Records from a data source
++++++++++++++++++++

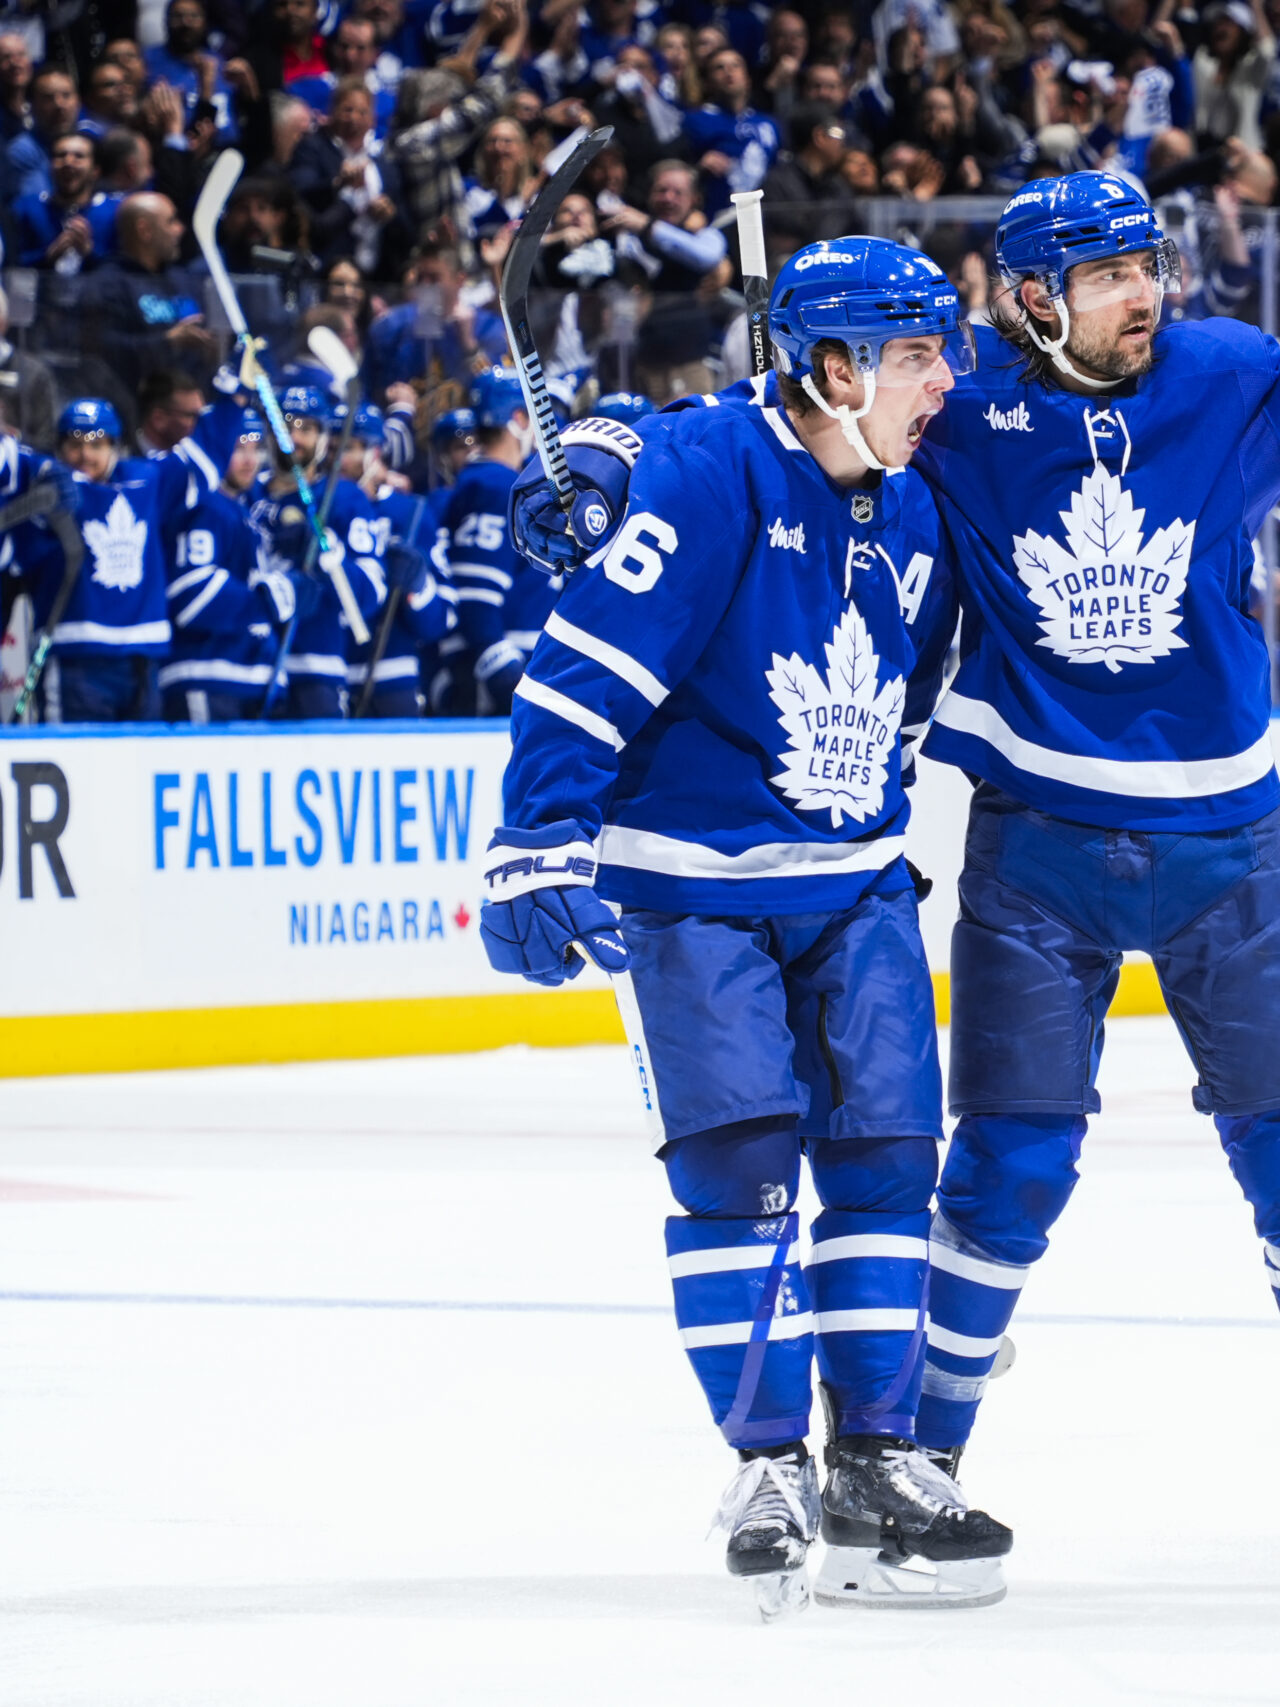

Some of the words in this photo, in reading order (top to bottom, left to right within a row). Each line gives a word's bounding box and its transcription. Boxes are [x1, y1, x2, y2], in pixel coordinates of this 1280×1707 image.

[1003, 192, 1043, 215] OREO
[1110, 213, 1149, 229] CCM
[794, 252, 854, 271] OREO
[934, 295, 957, 307] CCM
[521, 351, 574, 496] WARRIO
[176, 529, 215, 567] 19
[587, 510, 679, 594] 6
[899, 551, 935, 625] A
[1046, 564, 1170, 602] TORONTO
[1069, 594, 1151, 618] MAPLE
[1070, 618, 1152, 640] LEAFS
[798, 704, 888, 746] TORONTO
[813, 732, 876, 762] MAPLE
[808, 757, 871, 786] LEAFS
[153, 767, 475, 870] FALLSVIEW
[484, 856, 597, 888] TRUE
[289, 900, 444, 945] NIAGARA
[634, 1044, 652, 1111] CCM

++++++++++++++++++++

Print the records again exactly, pictures excluded.

Some of the words in this photo, in reading order (top to bottom, left to right within a row). Each line gives a word's bounding box and its transcription. Boxes are [x1, y1, x2, y2], in pixel coordinates of this 1280×1707 image.

[1003, 192, 1043, 215] OREO
[1110, 213, 1149, 229] CCM
[794, 252, 854, 271] OREO
[934, 295, 957, 307] CCM
[521, 351, 574, 496] WARRIO
[176, 529, 215, 567] 19
[587, 510, 679, 594] 6
[899, 551, 935, 625] A
[1046, 564, 1170, 602] TORONTO
[1069, 594, 1151, 618] MAPLE
[1070, 618, 1152, 640] LEAFS
[798, 704, 888, 746] TORONTO
[813, 732, 876, 762] MAPLE
[808, 757, 871, 786] LEAFS
[153, 767, 475, 870] FALLSVIEW
[484, 856, 597, 888] TRUE
[289, 900, 444, 945] NIAGARA
[634, 1044, 652, 1111] CCM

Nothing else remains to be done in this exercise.